Die Analyse der Datenmenge barg auch Überraschungen. "Normalerweise würde man sich sehr ähnliches Assoziationsverhalten in Ländern mit ähnlicher geografischer und kultureller Lage erwarten", sagt Wallner. Zwischen Österreich und Deutschland habe es allerdings nur in vier der neun Aromen Übereinstimmungen gegeben. "Wir haben gesehen, dass sich die Ergebnisse für alle neun getesteten Gerüche der USA und der Schweiz ähnlicher waren", erläutert sie.

Unerwartete Abweichungen

In Österreich wird die Kindheit mit Aromen von Vanille, Zitrone und Orange verbunden, in Vietnam riecht sie auch nach Kokosnuss. Für Australier riecht das Jugendalter eher nach Heu. Auch das Erwachsenenalter assoziieren unterschiedliche Nationalitäten unterschiedlich. Für Menschen aus den USA und Australien riecht es nach Kokosnuss, nur in Thailand wurde es auch mit Vanillearoma verbunden. Das Seniorenalter riecht für Vietnamesinnen und Vietnamesen eher nach Basilikum, für Teilnehmende aus den USA nach Minze, für Menschen aus Deutschland und der Schweiz nach Rosen.

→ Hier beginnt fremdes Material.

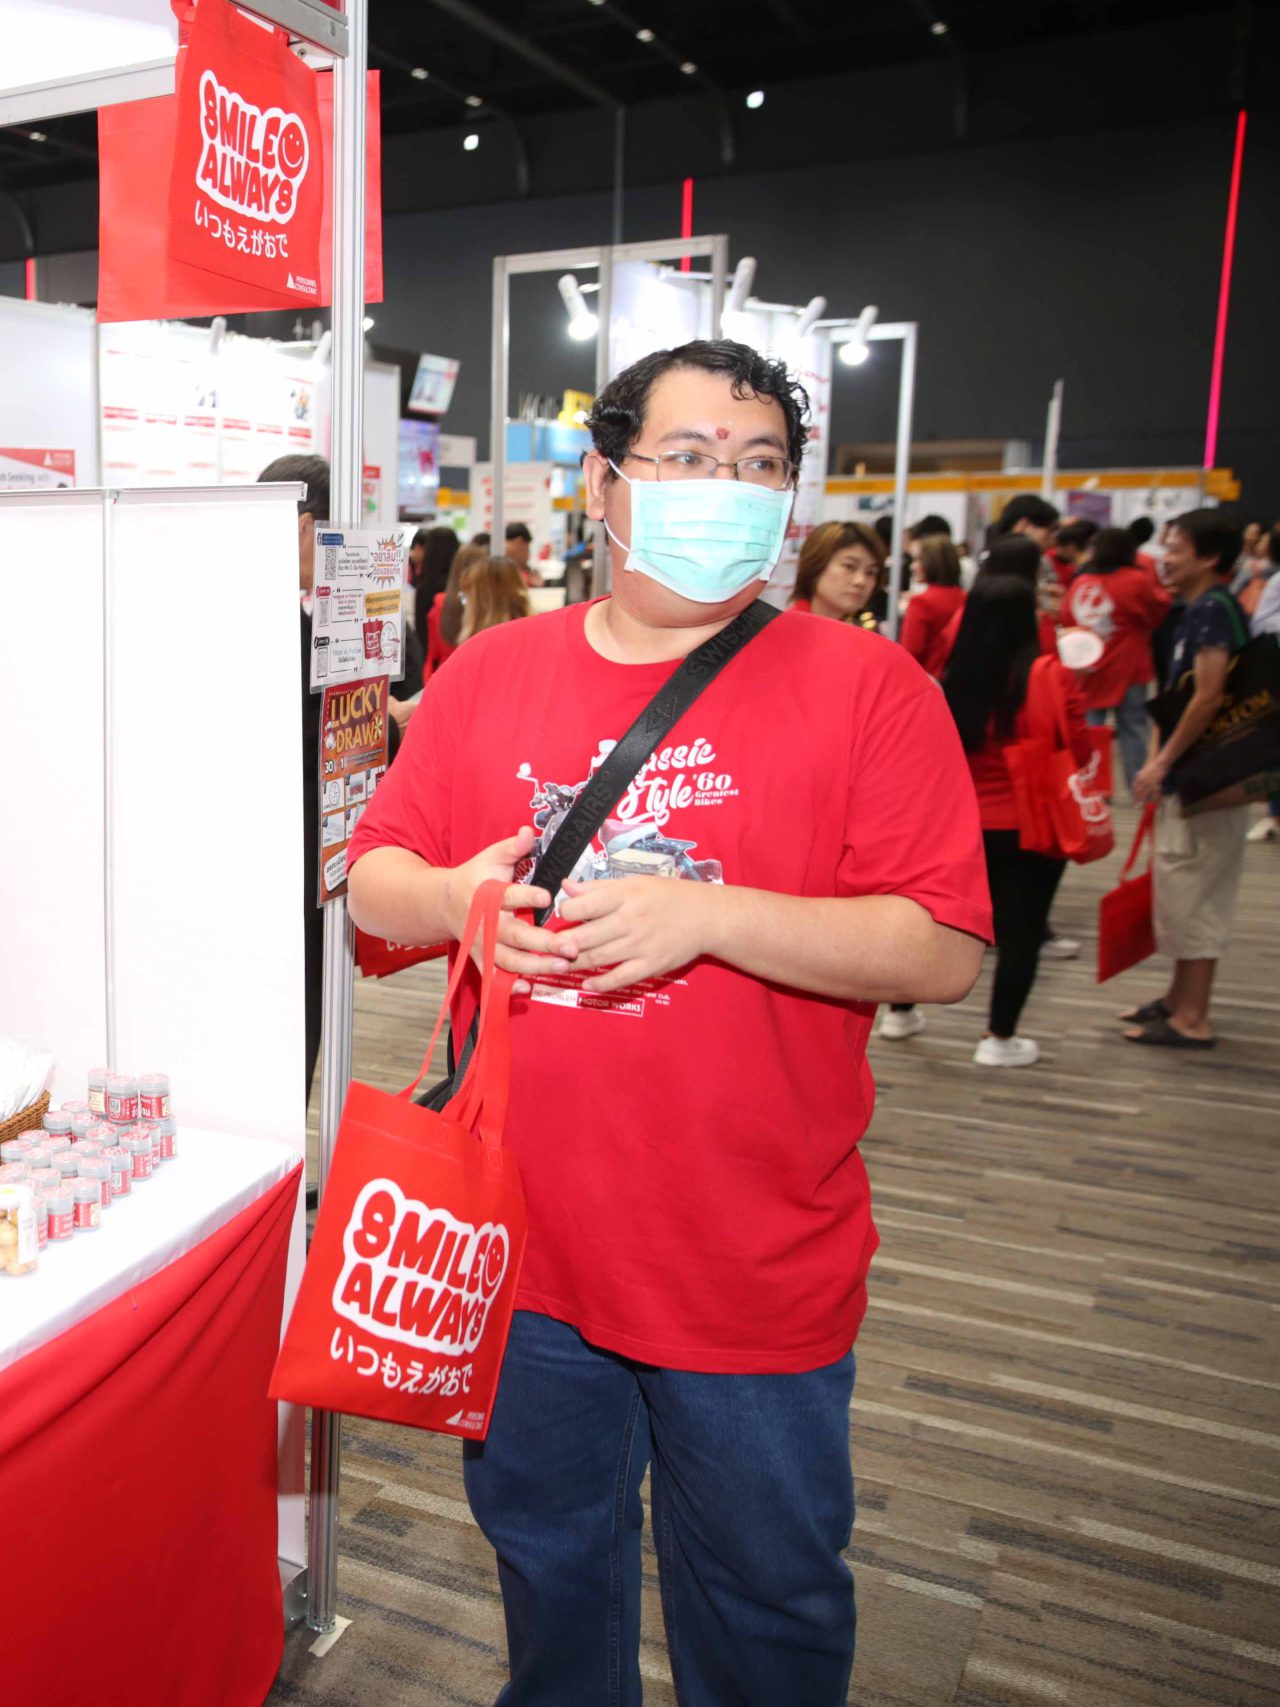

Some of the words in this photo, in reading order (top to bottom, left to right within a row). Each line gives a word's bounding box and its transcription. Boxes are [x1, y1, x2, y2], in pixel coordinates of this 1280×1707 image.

"Es ist sehr interessant zu sehen, dass wir Menschen in Abhängigkeit davon, aus welchem soziokulturellen Kontext wir stammen, ganz offensichtlich unterschiedlich ticken in Hinblick darauf, wie wir die Wahrnehmung von Gerüchen in unserem Gehirn verarbeiten", erklärt Barbara Siegmund. Die Lebensmittelchemikerin war Koautorin beider Studien und lehrt an der Technischen Universität Graz.

Nahaufnahme Basilikum.
Assoziationen sind stark mit Gefühlen und dem limbischen System verknüpft. Auch der soziale Kontext, in dem jemand aufwächst, spielt bei der Interpretation von Gerüchen eine Rolle.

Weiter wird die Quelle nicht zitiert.